Every line of the material below needs to be copied exactly; omit the pictures.

-- The records follows --

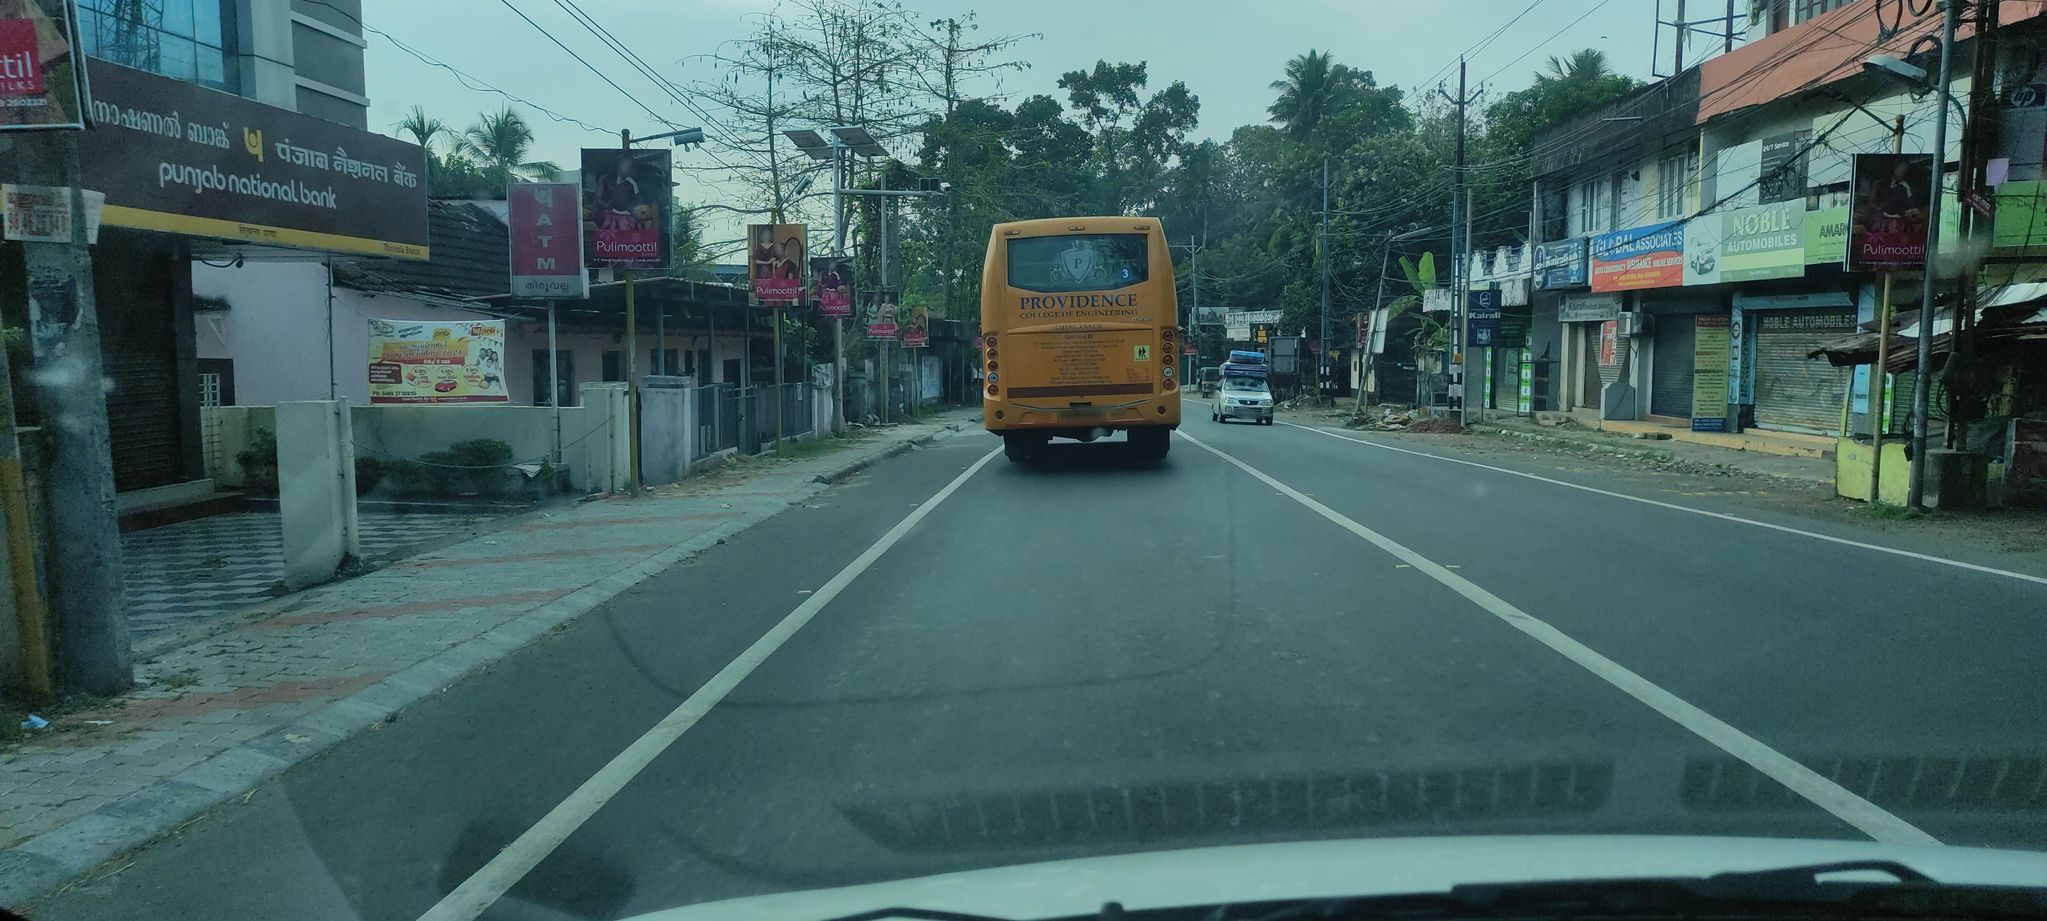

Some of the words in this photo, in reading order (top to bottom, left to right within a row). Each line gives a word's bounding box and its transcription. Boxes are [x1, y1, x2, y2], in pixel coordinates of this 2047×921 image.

[1774, 141, 1790, 150] Service
[274, 138, 329, 170] पंजाब
[159, 162, 226, 193] punjab
[229, 173, 299, 202] national
[300, 181, 336, 209] bank
[1733, 206, 1791, 236] NOBLE
[596, 241, 657, 252] Pulimoottil
[1635, 230, 1682, 250] ASSOCIATES
[1727, 233, 1797, 252] AUTOMOBILES
[1863, 243, 1924, 255] Pulimoottil
[1122, 269, 1129, 278] 3
[756, 286, 797, 296] Pulimoottil
[1020, 294, 1137, 310] PROVIDENCE
[1076, 309, 1138, 317] ENGINEERING
[1763, 317, 1790, 329] NOBLE
[1792, 314, 1857, 328] AUTOMOBILES
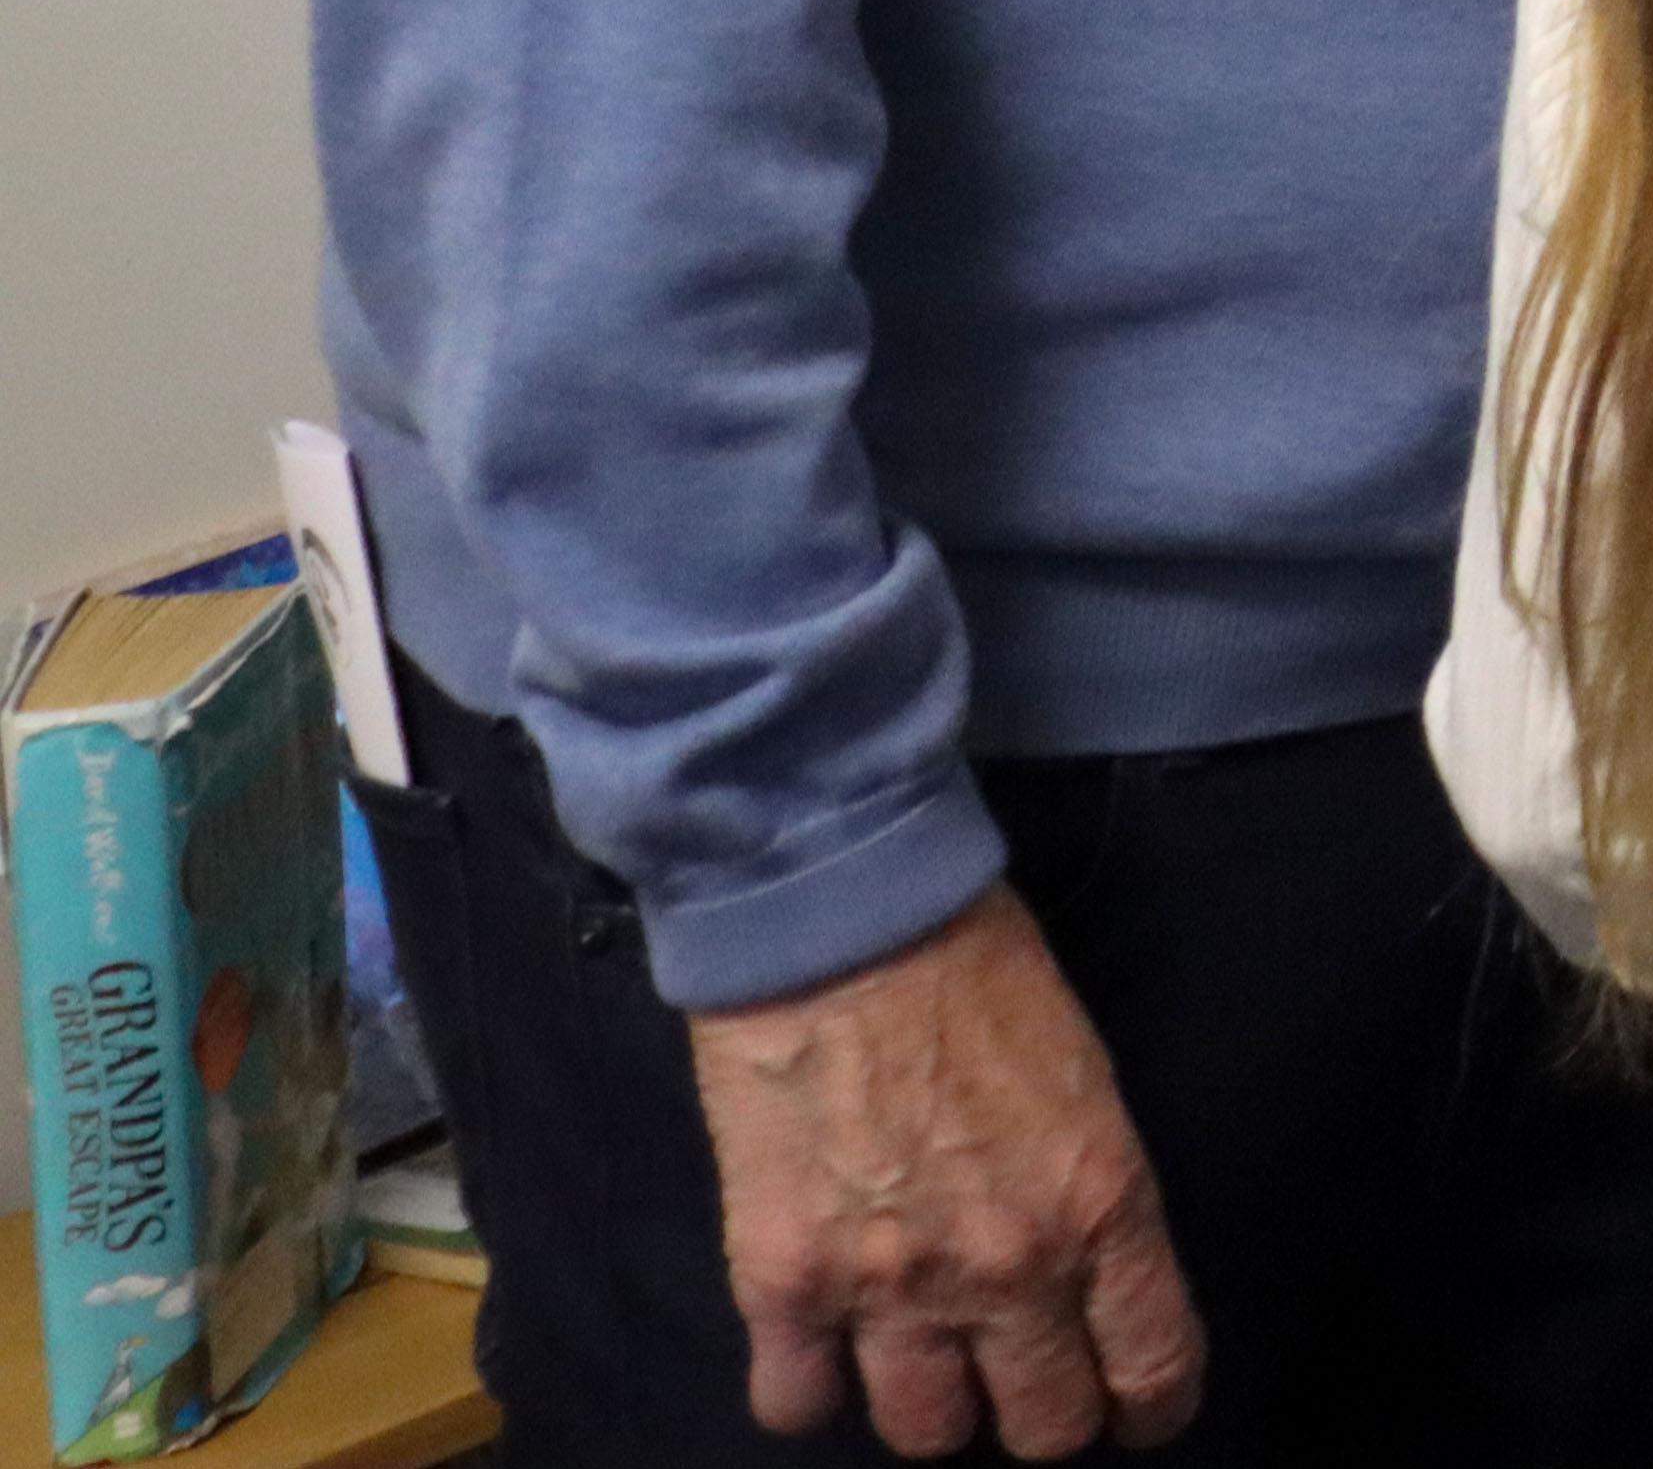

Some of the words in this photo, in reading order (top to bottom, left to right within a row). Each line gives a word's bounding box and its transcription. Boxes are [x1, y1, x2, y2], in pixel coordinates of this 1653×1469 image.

-- The records concluded --

Response.
Some of the words in this photo, in reading order (top to bottom, left to right within a row). Each line gives a word's bounding box and its transcription. Boxes are [x1, y1, x2, y2], in pixel coordinates of this 2047×921 image.

[1774, 141, 1790, 150] Service
[274, 138, 329, 170] पंजाब
[159, 162, 226, 193] punjab
[229, 173, 299, 202] national
[300, 181, 336, 209] bank
[1733, 206, 1791, 236] NOBLE
[596, 241, 657, 252] Pulimoottil
[1635, 230, 1682, 250] ASSOCIATES
[1727, 233, 1797, 252] AUTOMOBILES
[1863, 243, 1924, 255] Pulimoottil
[1122, 269, 1129, 278] 3
[756, 286, 797, 296] Pulimoottil
[1020, 294, 1137, 310] PROVIDENCE
[1076, 309, 1138, 317] ENGINEERING
[1763, 317, 1790, 329] NOBLE
[1792, 314, 1857, 328] AUTOMOBILES

Some of the words in this photo, in reading order (top to bottom, left to right within a row). Each line gives a word's bounding box and its transcription. Boxes are [x1, y1, x2, y2], in pixel coordinates of this 1653×1469 image.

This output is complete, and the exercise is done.